RTT‑Inside Mapping onto Workforce Knowledge Transfer in Fabs
Why workforce transfer is the hardest fab problem#
Tools can be shipped.
Recipes can be copied.
Buildings can be replicated.
Tacit knowledge cannot.
In advanced fabs, critical know‑how lives in:
- operator intuition
- technician pattern recognition
- engineer judgment under uncertainty
- informal escalation paths
- “we don’t touch that unless…” rules
RTT‑Inside makes this invisible layer explicit without turning people into checklists.
1️⃣ BEING — Workforce readiness as a living state 🌱#
Traditional view#
- Training completed
- Certifications achieved
- Headcount filled
RTT‑Inside reframing#
Workforce capability is stateful, not binary.
BEING signals to track
- Skill confidence under live conditions
- Fatigue and cognitive load
- Exposure to edge cases
- Team cohesion and trust
- Readiness to intervene vs escalate
Example
An operator may be “certified” but not yet ready to handle stochastic EUV excursions at 2 a.m.
RTT‑Inside treats readiness like yield margin:
- observable
- degradable
- recoverable
✨ People are not static resources; they are living systems.
2️⃣ KNOWING — Preserving lineage of how work is actually done 🔗#
Traditional view#
- SOPs
- Training manuals
- Recorded procedures
RTT‑Inside reframing#
What matters is decision lineage, not just instructions.
KNOWING captures
- Why a step exists
- When it is safe to bend it
- Which signals matter most
- What past failures taught the team
- Who to call before alarms trip
Practical RTT‑Inside artifacts
- “Decision stories” attached to tools
- Incident postmortems that preserve judgment, not blame
- Shadowing logs that record what was noticed, not just what was done
Example
“We slow this ramp here because in 2019 we saw latent defects that only appeared weeks later.”
That sentence is gold. RTT‑Inside preserves it.
✨ Knowledge survives when its origin is remembered.
3️⃣ MEANING — Aligning why people do the work ❤️#
Traditional view#
- Hit yield targets
- Meet ramp schedules
- Avoid downtime
RTT‑Inside reframing#
People perform best when purpose is explicit and shared.
MEANING declarations for workforce layers
- Operators: protect system health and safety
- Engineers: steward process stability over time
- Trainers: grow judgment, not just compliance
- Leadership: value learning velocity, not just speed
When meaning is unclear:
- people optimize locally
- silence replaces escalation
- fragile systems look “fine” until they aren’t
RTT‑Inside makes purpose discussable before pressure hits.
✨ Alignment reduces fear-driven mistakes.
TIME — Knowledge transfer as a trajectory, not an event ⏳#
RTT‑Inside treats workforce maturity like fab maturity.
TIME signals
- Learning curve slope
- Error recovery speed
- Escalation latency
- Knowledge decay after turnover
- Mentorship load vs capacity
Instead of asking:
“Are they trained yet?”
RTT‑Inside asks:
“Is the learning curve healthy for this fork of the fab?”
✨ Time reveals whether knowledge is compounding or leaking.

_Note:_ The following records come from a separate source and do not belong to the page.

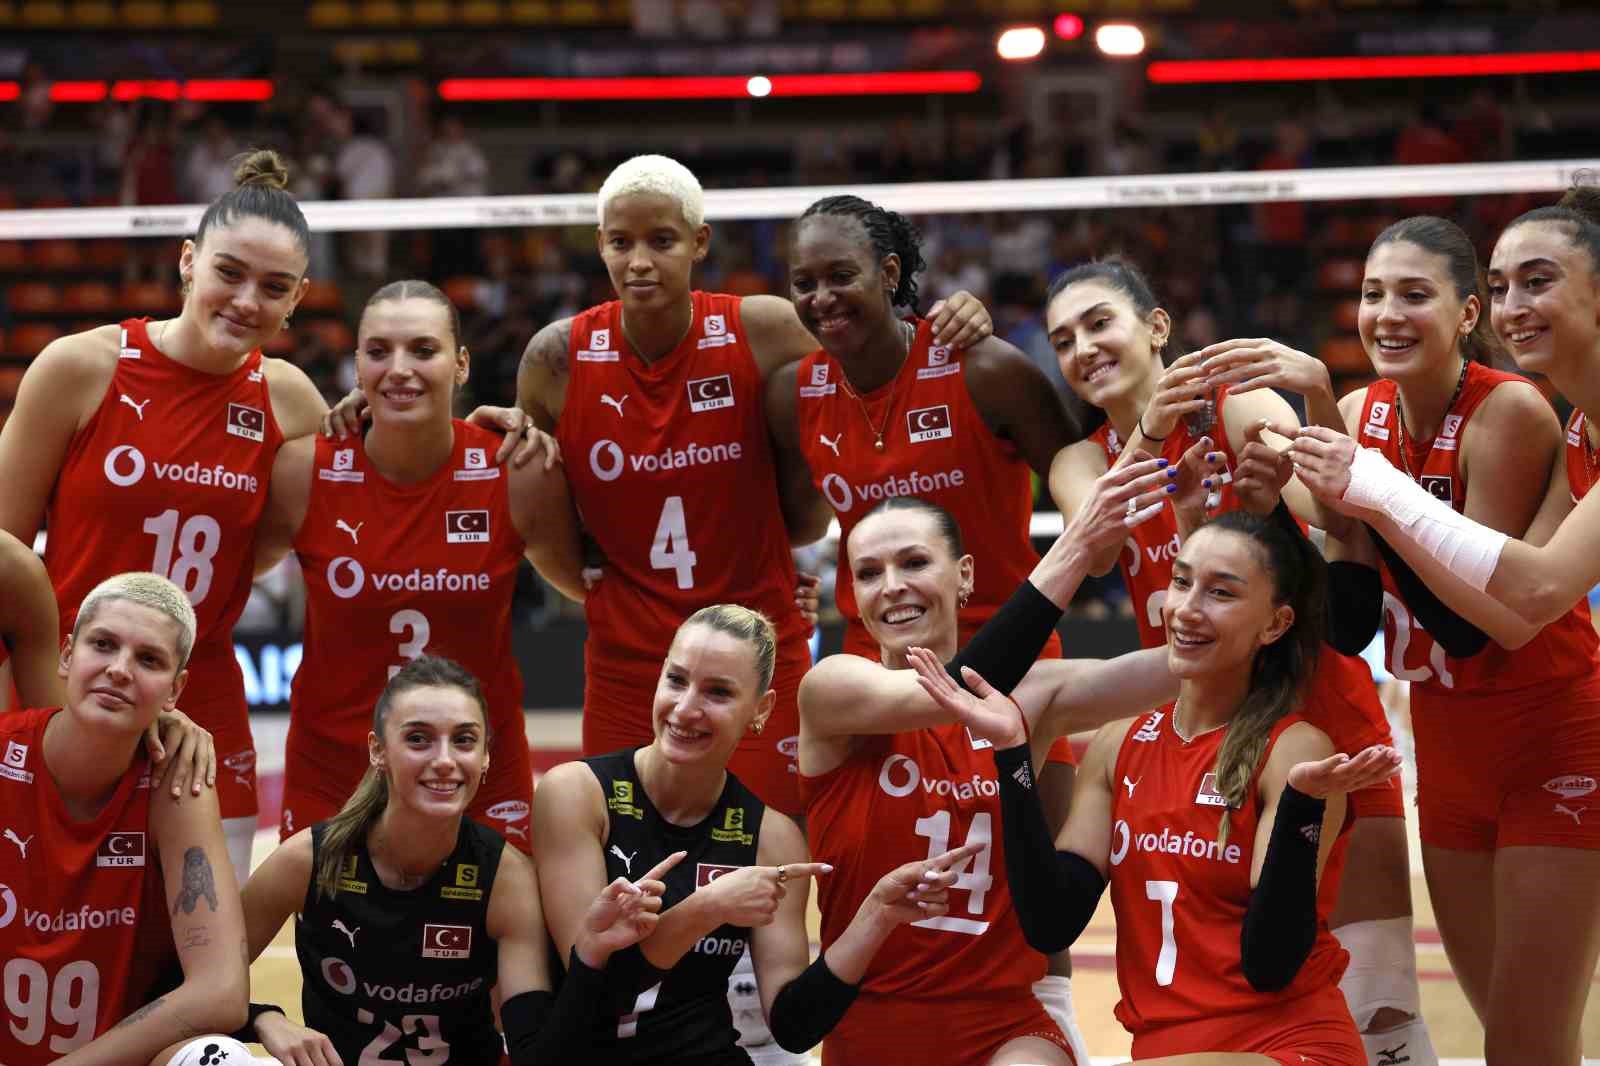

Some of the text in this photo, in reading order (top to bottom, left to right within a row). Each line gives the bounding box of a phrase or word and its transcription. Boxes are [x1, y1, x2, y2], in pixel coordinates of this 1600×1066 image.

[595, 333, 607, 346] S
[701, 399, 725, 409] TUR
[1372, 406, 1384, 420] S
[235, 426, 257, 439] TUR
[919, 430, 942, 440] TUR
[469, 451, 481, 465] S
[630, 440, 742, 473] vodafone
[153, 460, 257, 494] vodafone
[855, 467, 965, 502] vodafone
[457, 533, 480, 542] TUR
[650, 496, 697, 590] 4
[143, 508, 222, 608] 18
[372, 568, 490, 592] vodafone
[9, 748, 24, 763] S
[615, 784, 629, 798] S
[730, 811, 743, 826] S
[1135, 827, 1241, 864] vodafone
[107, 857, 135, 865] TUR
[460, 867, 475, 882] S
[23, 904, 136, 932] vodafone
[1145, 879, 1179, 987] 7
[433, 949, 460, 959] TUR
[362, 977, 483, 1004] vodafone
[3, 957, 101, 1055] 99

One‑view RTT‑Inside workforce map#
[ Training Programs ]
↓
[ BEING ] — readiness, fatigue, confidence
↓
[ KNOWING ] — decision lineage, tacit rules
↓
[ MEANING ] — shared purpose & trust
↓
[ Live Operations ]
↑
TIME — learning velocity, drift, recovery
What RTT‑Inside would have changed in fab replication#
Without naming companies:
- Early struggles would be framed as state misalignment, not incompetence
- Knowledge gaps would be visible before yield pressure
- Local adaptations would be documented as forks, not deviations
- Workforce confidence would grow alongside process stability
- Leadership expectations would align with learning reality
RTT‑Inside doesn’t remove difficulty.
It removes surprise.
RTT‑Inside takeaway for fab workforces#
Advanced fabs succeed when:
- BEING tracks readiness honestly
- KNOWING preserves judgment, not just steps
- MEANING aligns people under pressure
- TIME is respected as a learning dimension
That’s how knowledge becomes infrastructure, not folklore.